Stomach cancer is cancer that occurs in the stomach – the muscular sac located in the upper middle of the abdomen, just below the ribs. Another term for stomach cancer is gastric cancer. These two terms most often refer to stomach cancer that begins in the mucus-producing cells on the inside lining of the stomach (adenocarcinoma). Adenocarcinoma is the most common type of stomach cancer.
Cancer begins in cells, the building blocks that make up tissues. Tissues make up the organs of the body. Normally, cells grow and divide to form new cells as the body needs them. When cells grow old, they die, and new cells take their place. Sometimes this process goes wrong. New cells form when the body does not need them, and old or damaged cells do not die as they should. The build-up of extra cells often forms a mass of tissue called a growth, polyp, or tumour. Tumours in the stomach can be benign (noncancerous) or malignant (cancerous). Benign tumours are not as harmful as malignant ones.
Stomach cancer usually begins in cells in the inner layer of the stomach. Over time, the cancer may invade more deeply into the stomach wall. A stomach tumour can grow through the gastric outer layer into nearby organs, such as the liver, pancreas, oesophagus, or intestine.
Stomach cancer cells can spread by breaking away from the original tumour. They enter blood vessels or lymph vessels, which branch into all the tissues of the body. The cancer cells may be found in lymph nodes near the stomach. The cancer cells may attach to other tissues and grow to form new tumours that may damage those tissues. The spread of cancer is called metastasis.
Early stomach cancer often does not cause symptoms. As the cancer grows, the most common symptoms are:
discomfort or pain in the stomach area;
difficulties in swallowing;
nausea and vomiting;
feeling of fullness or bloating after a small meal;
vomiting blood or having blood in the stool.
If a patient has symptoms that suggest stomach cancer, the doctor will check to see whether they are due to cancer or to some other cause. The doctor may refer him to a gastroenterologist, a doctor whose specialty is diagnosing and treating of digestive problems. The patient may have blood or other labouratory tests. He also may have physical exam, endoscopy, biopsy, X-ray, CT scan, endoscopic ultrasound, laparoscopy.
The choice of treatment depends mainly on the size and location of the tumour, the stage of disease, and one’s general health. Treatment for stomach cancer may involve surgery, chemotherapy, or radiation therapy. The patient will probably receive more than one type of treatment. For example, chemotherapy may be given before or after surgery. It’s often given at the same time as radiation therapy. The type of surgery for stomach cancer depends mainly on where the cancer is located. The surgeon may remove the whole stomach or only the part that has the cancer. Chemotherapy uses drugs to kill cancer cells. It may be given before or after surgery. After surgery, radiation therapy may be given along with chemotherapy. The drugs that treat stomach cancer are usually given through a vein (intravenous).

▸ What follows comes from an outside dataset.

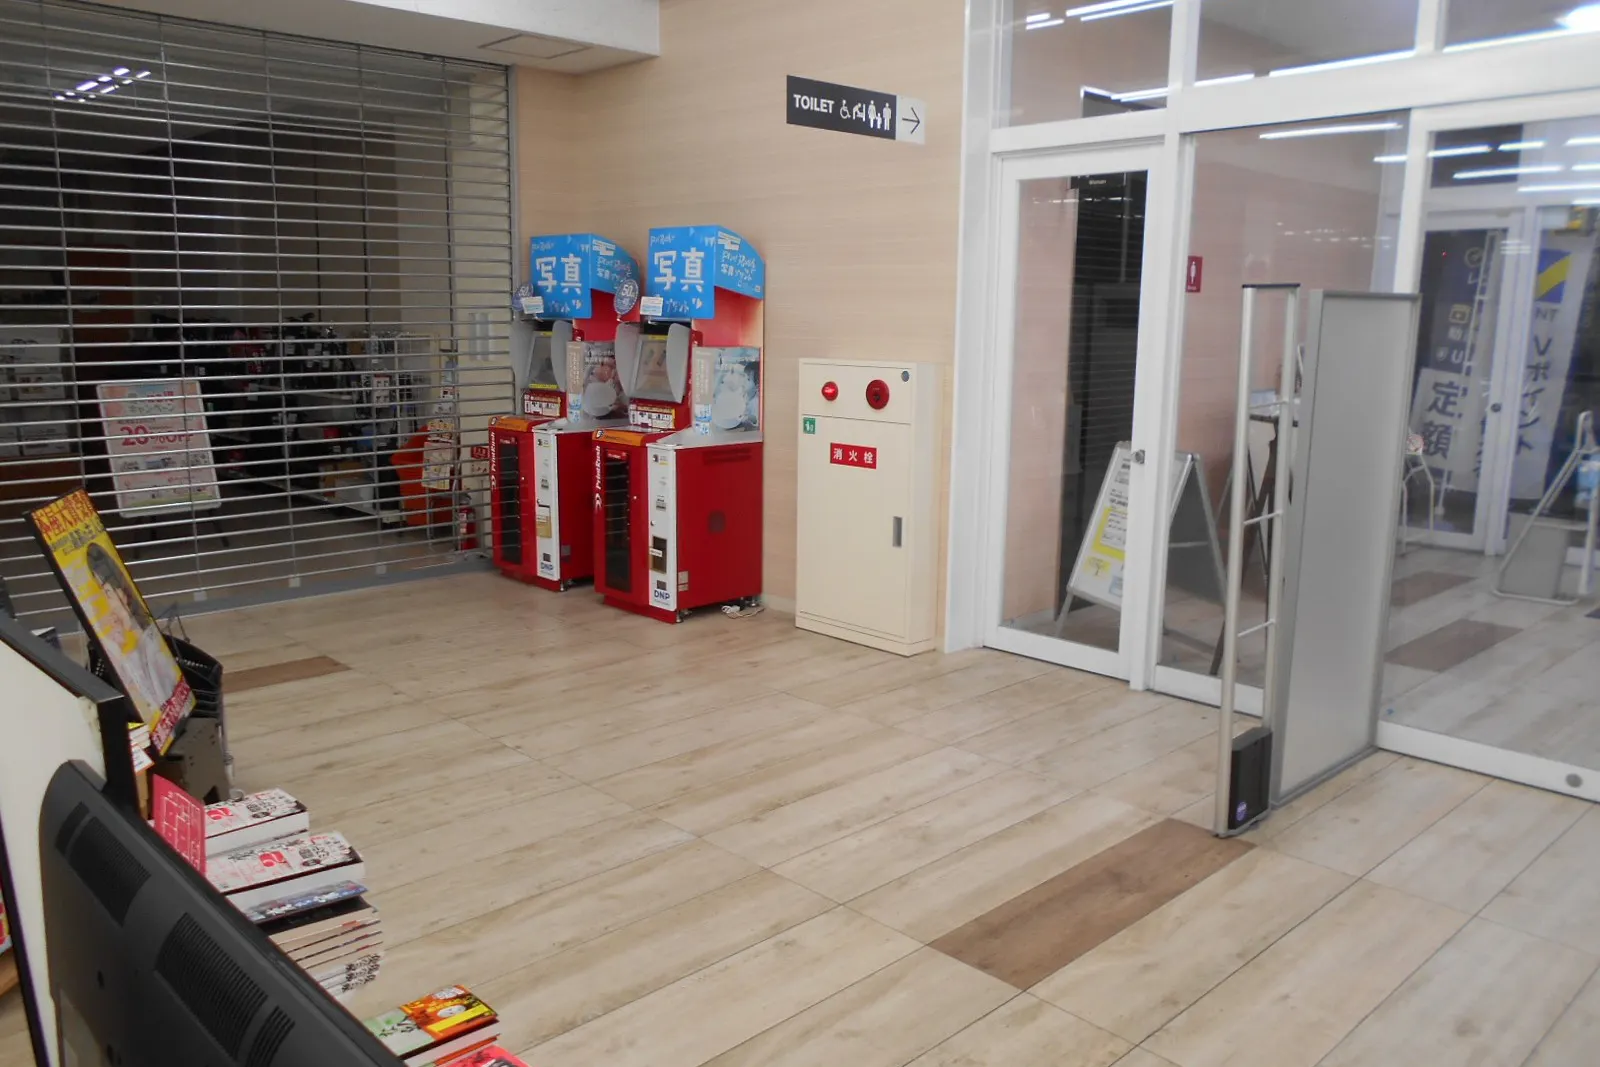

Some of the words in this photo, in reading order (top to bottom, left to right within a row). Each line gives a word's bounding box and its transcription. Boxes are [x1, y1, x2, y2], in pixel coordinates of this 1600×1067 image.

Radiation therapy (also called radiotherapy) uses high-energy rays to kill cancer cells. It affects cells only in the part of the body that is treated. The radiation comes from a large machine outside the body. Treatments are usually 5 days a week for several weeks.
Nutrition is an important part of treatment for stomach cancer. The patient needs the right amount of calories, protein, vitamins, and minerals to maintain his strength and to heal. After stomach surgery, he may need to take daily supplements of vitamins and minerals, such as vitamin D, calcium, and iron. The patient may also need vitamin B12 shots.